Action item. The copy has to match the data exactly and leave out every picture.

Data records.
- Opening Delimiter -
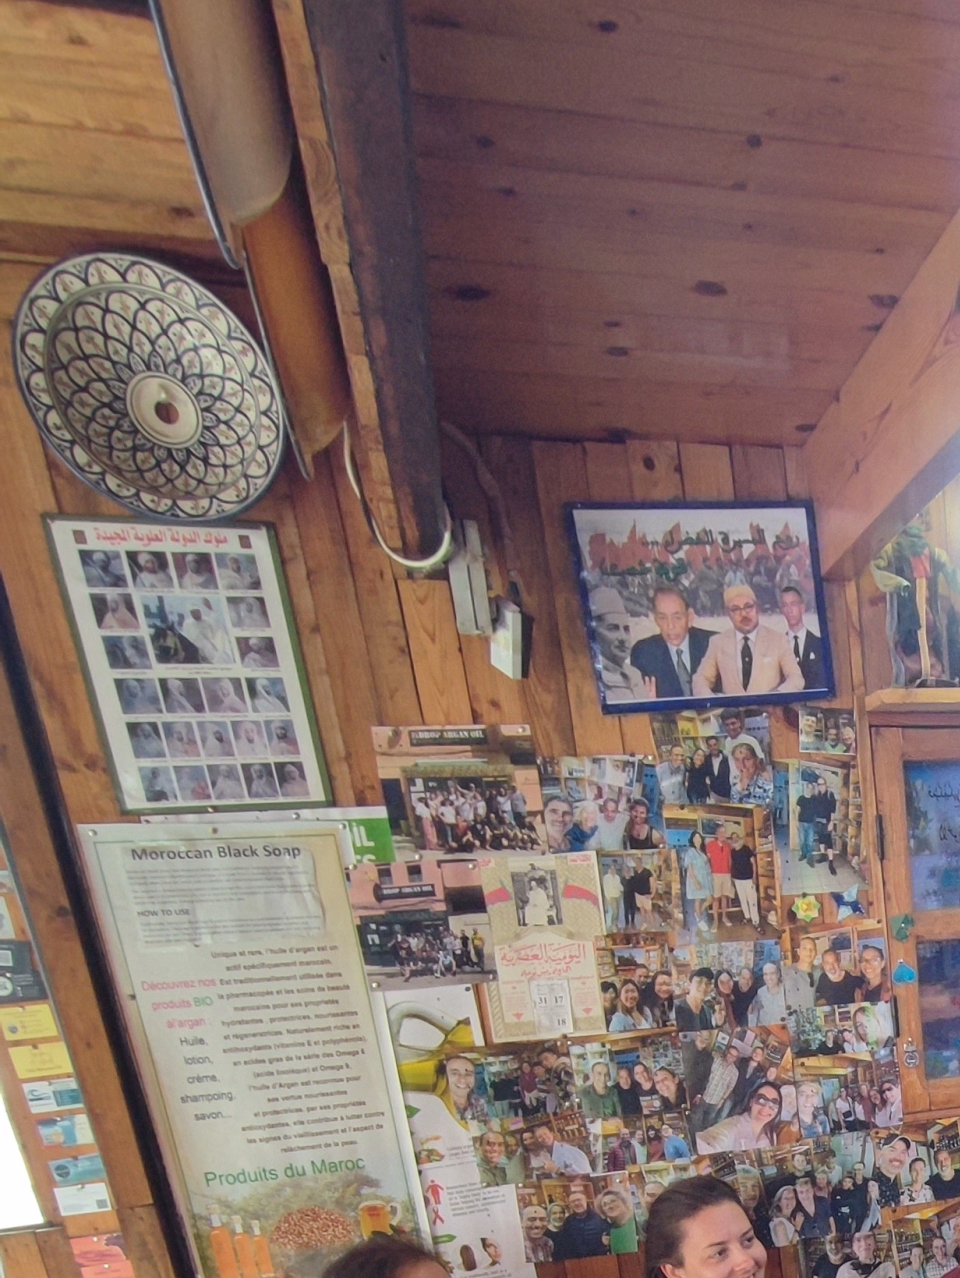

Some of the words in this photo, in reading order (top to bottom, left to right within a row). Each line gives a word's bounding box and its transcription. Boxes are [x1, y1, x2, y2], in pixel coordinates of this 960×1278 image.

[131, 527, 166, 547] العلوية
[170, 528, 200, 547] الدولة
[131, 847, 213, 861] Moroccan
[217, 845, 260, 858] Black
[263, 844, 301, 859] Soap
[161, 909, 172, 917] TO
[174, 908, 190, 916] USE
[141, 978, 195, 991] Découvrez
[198, 978, 217, 987] nos
[152, 998, 192, 1012] produits
[193, 996, 214, 1007] BIO
[538, 996, 547, 1005] 31
[554, 995, 564, 1004] 17
[557, 1018, 567, 1026] 18
[179, 1037, 208, 1047] Huile,
[183, 1055, 214, 1065] lotion,
[180, 1091, 236, 1104] shampoing,
[204, 1166, 279, 1188] Produits
[283, 1162, 307, 1179] du
[311, 1157, 366, 1175] Maroc
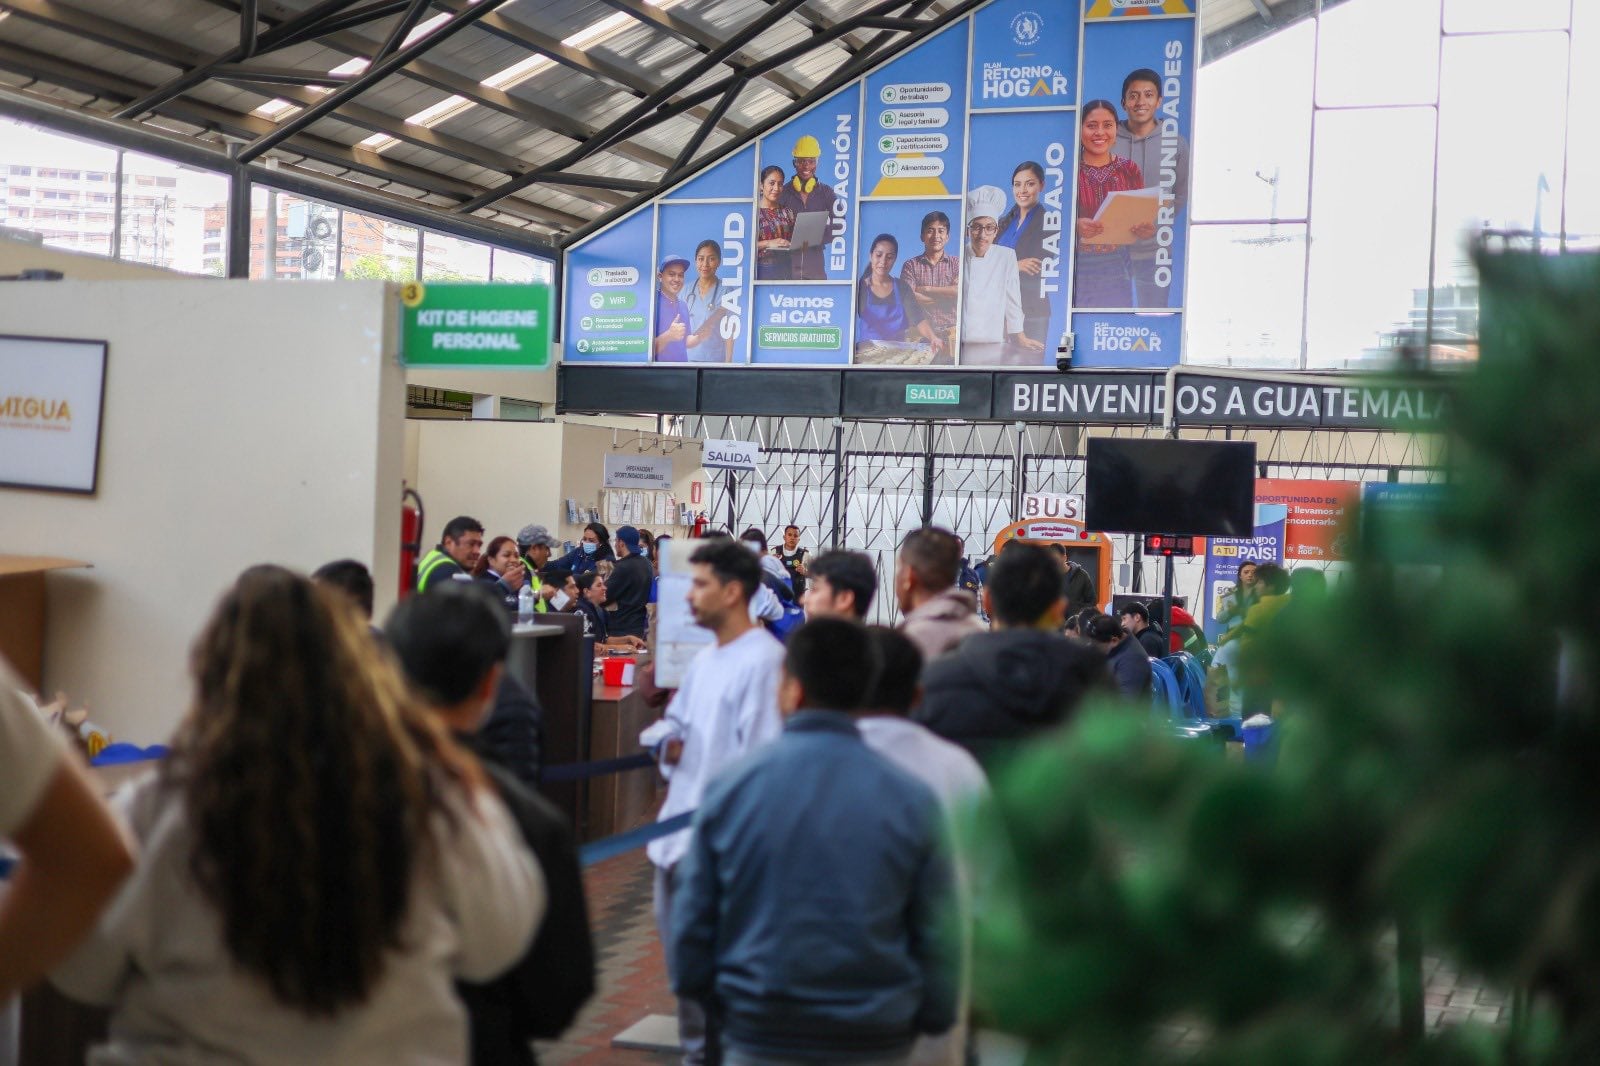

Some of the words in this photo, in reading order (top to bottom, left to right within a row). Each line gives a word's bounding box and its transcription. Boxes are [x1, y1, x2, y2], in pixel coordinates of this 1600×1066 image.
- Closing Delimiter -
Exercise answer.
Some of the words in this photo, in reading order (top to bottom, left to right within a row). Each line gives a word's bounding box and its transcription. Boxes are [x1, y1, x2, y2], in pixel coordinates of this 960×1278 image.

[131, 527, 166, 547] العلوية
[170, 528, 200, 547] الدولة
[131, 847, 213, 861] Moroccan
[217, 845, 260, 858] Black
[263, 844, 301, 859] Soap
[161, 909, 172, 917] TO
[174, 908, 190, 916] USE
[141, 978, 195, 991] Découvrez
[198, 978, 217, 987] nos
[152, 998, 192, 1012] produits
[193, 996, 214, 1007] BIO
[538, 996, 547, 1005] 31
[554, 995, 564, 1004] 17
[557, 1018, 567, 1026] 18
[179, 1037, 208, 1047] Huile,
[183, 1055, 214, 1065] lotion,
[180, 1091, 236, 1104] shampoing,
[204, 1166, 279, 1188] Produits
[283, 1162, 307, 1179] du
[311, 1157, 366, 1175] Maroc

Some of the words in this photo, in reading order (top to bottom, left to right within a row). Each line gives a word's bounding box and its transcription. Boxes are [x1, y1, x2, y2], in pixel coordinates of this 1600×1066 image.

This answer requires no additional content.